Der Begriff Nachhaltigkeit ist in aller Munde und wird inflationär genutzt – oft diffus für unterschiedliche Sachverhalte, Anliegen und Ideen. Für einen wachsenden Anteil der Bevölkerung spielt Nachhaltigkeit eine Rolle in der Gestaltung ihres Lebens und damit auch bei Kauf- und Buchungsentscheidungen. Welche Bedeutung hat Nachhaltigkeit im Tourismus? Und inwieweit ist Familien Nachhaltigkeit für ihren Urlaub wichtig?

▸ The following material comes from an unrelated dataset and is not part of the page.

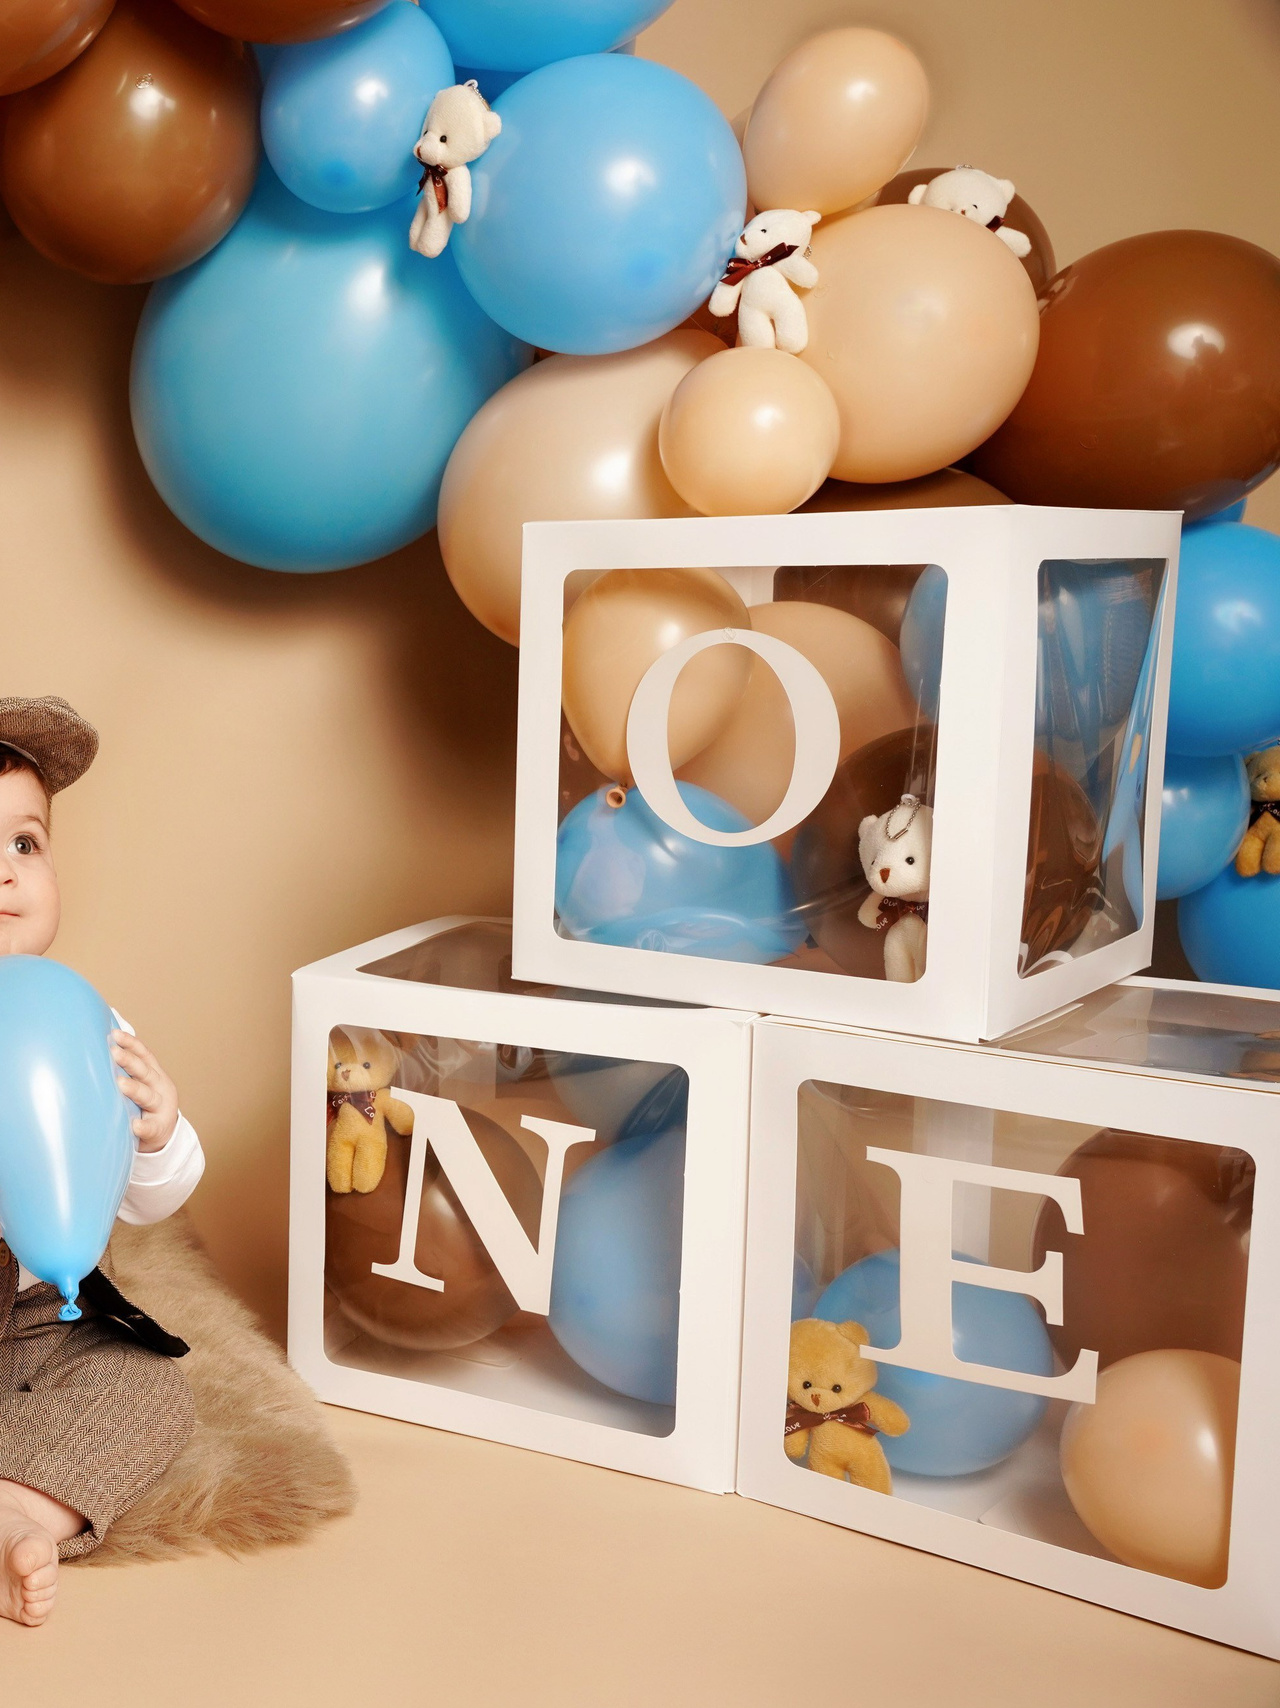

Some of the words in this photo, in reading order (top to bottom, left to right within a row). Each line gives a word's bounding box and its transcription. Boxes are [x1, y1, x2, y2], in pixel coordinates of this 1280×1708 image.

[626, 628, 841, 847] O
[371, 1086, 596, 1316] N
[860, 1146, 1099, 1406] E

© Weniger Plastik – ein Schritt zu mehr Nachhaltigkeit bei Karls Erlebnisdörfern. Foto: TMV/GvM

Grüne Ideen – schwarze Zahlen

Nachhaltigkeit ist für die meisten Urlauber nicht das Hauptmotiv bei ihrer Entscheidung für eine Reise, ein Hotel oder einen Ausflug. Laut Reiseanalyse der Forschungsgemeinschaft Urlaub und Reisen (FUR) 2020 möchten die Gäste in erster Linie Zeit für einander haben, sich entspannen, sich ablenken oder etwas Neues kennen lernen. Nachhaltigkeit sollte daher auf der Anbieterseite als ein Qualitätskriterium verstanden werden, das das schon vorhandene Produkt aufwertet und damit sowohl buchungsentscheidend sein kann, als auch zu einem umfassenderen Urlaubserlebnis und einer höheren Gästezufriedenheit führt. Das belegen auch die Zahlen der FUR-Reiseanalyse 2019, in denen eine klare Zunahme bei der Zustimmung zu der Aussage „Nachhaltigkeit war – neben anderen Dingen – ein Aspekt bei der Gestaltung der Reise“ von elf Prozent im Jahre 2013 auf 23 Prozent im Jahre 2018 zu verzeichnen ist. Für die Entscheidung, das Reiseziel Mecklenburg-Vorpommern zu wählen, spielt die Nachhaltigkeit mit 39 Prozent im Vergleich zu anderen Bundesländern eine große Rolle (Bundesdurchschnitt 31 Prozent).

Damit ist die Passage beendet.